Dan Helfman: It's too restrictive! It shouldn't be hardcoded everywhere!
It should be configurable!
Result: Dan Helfman gets one point.
Game 2:
You: Hey Dan, what do you think about the state of Oregon?
Dan Helfman: It sucks!
Result: You get one point.
Game 3:
You: Hey Dan, what do you think about the Roman alphabet?
Dan Helfman: There are too many redundant letters! It's too inefficient!
Result: Dan Helfman gets one point.
Winning:
The winner is the first player to amass 305 points.
Dan Helfman: 305? That's so arbitrary! It should be a power of two!
Result: Dan Helfman gets one point.
Tue Dec 28 1999 18:03:
Crummy.com is the new music alternative, playing The Open Standards Band's
Interesting
Places To Die 16 hours a day!
If you think you know who that song is about, you're probably
right.
I await Jake's analysis of the recording. I'm still iffy
on the whole "good recording" thing, as it invariably involves
me having to do much more than the 3 takes I can do before I get sick
of playing a song.
Speaking of music, Kris has 4 Electrologica songs (but not his
non-plastic-wrap cover of Asia Carrera) up on his Electrologica page.
They range from pale shadows of ELO songs to pieces with astoundingly beautiful
music and lyrics.
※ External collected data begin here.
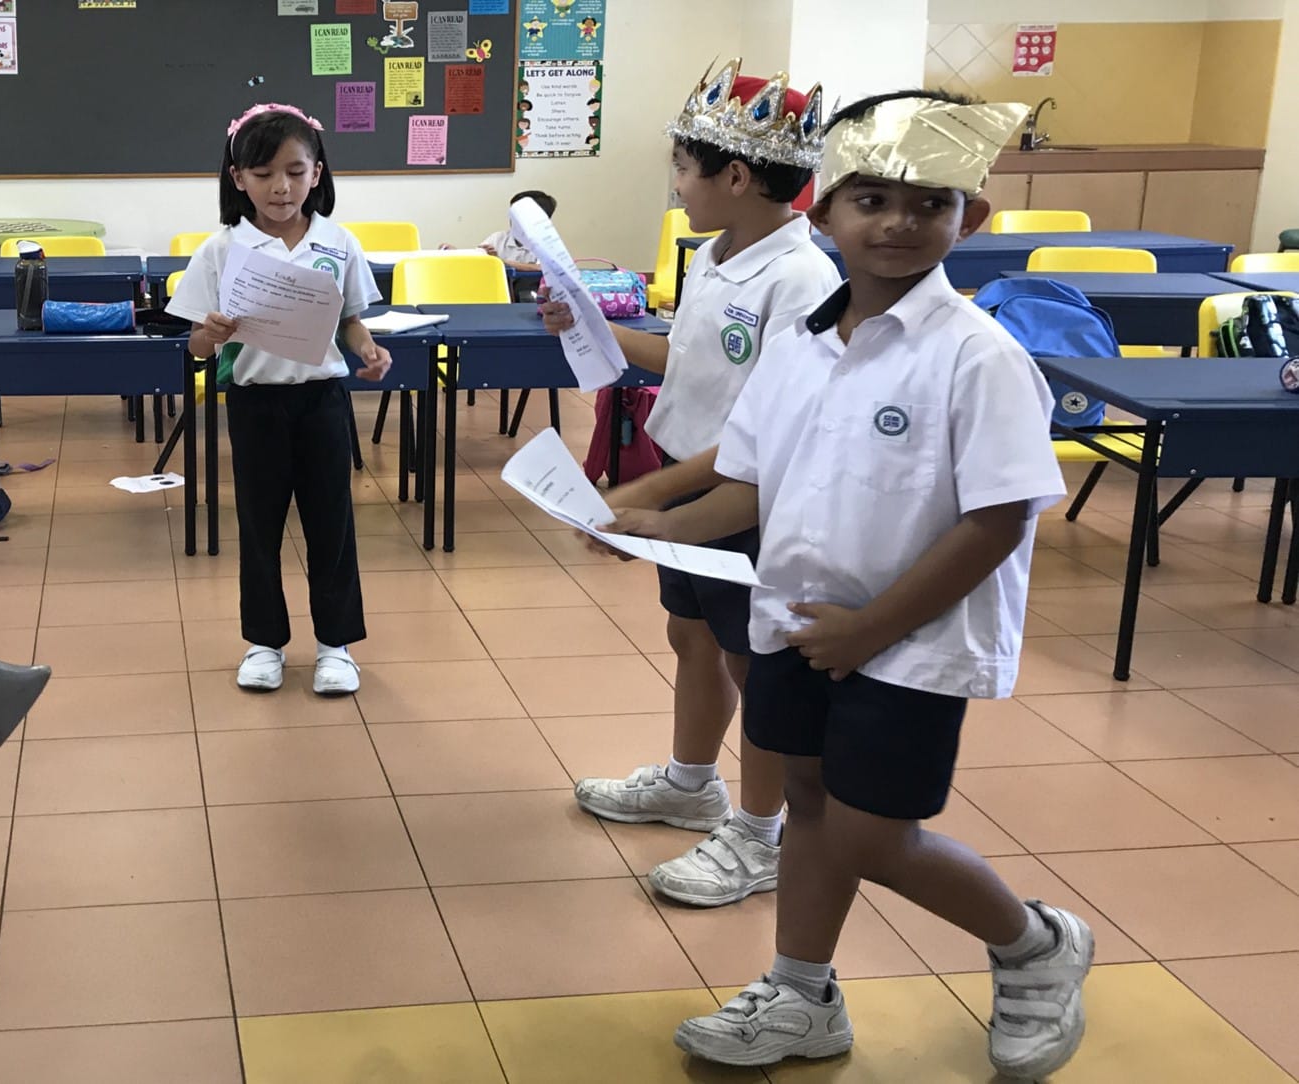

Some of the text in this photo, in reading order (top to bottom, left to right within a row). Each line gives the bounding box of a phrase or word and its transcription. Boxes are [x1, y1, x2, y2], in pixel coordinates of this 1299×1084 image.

[318, 28, 331, 36] CAN
[331, 28, 348, 36] READ
[405, 61, 422, 69] READ
[526, 69, 546, 77] LET'S
[548, 69, 563, 77] GET
[343, 86, 356, 94] CAN
Could it be that what we thought to be the actual
musician Kristofer Straub is merely a solid-state recording of Kristofer
Straub singing "Solid State"?
Finally let me mention that a lot of the songs in the Version
1.1.2pl14 directory are going to be moved into other directories when
I start the albums they actually belong to. Interesting Places To
Die will probably go on Standard Deviation, which I'm still
working out the details of, and the tape-to-MP3age of the infamous
FEEDBACK FEEDBACK FEEDBACK! bit (which I never linked to, but
it's in the directory) will go on Dying Is Easy, Comedy Is Hard
(hey, remember that?)
This entry is already huge, but before I go, a quote from an
email I sent to jake after he used the nonsense subject line "semiotimatic":
It occurs to me that one could write a story about a Semiotimatic,
in the style of Lem's story about the robotic poet.
"Professors wrote learned articles arguing that a mere machine could never
emulate the subtle nuances of human thought, but the Semiotimatic made
their arguments better than they did, and they were forced to resign in
disgrace."
If you don't know what semiotics is, look it up. I reccommend
Semiotics, by L. Ron Hubbard.
Wed Dec 29 1999 05:16:
Near my bus stop there is a store that sells stupid novelty stuff.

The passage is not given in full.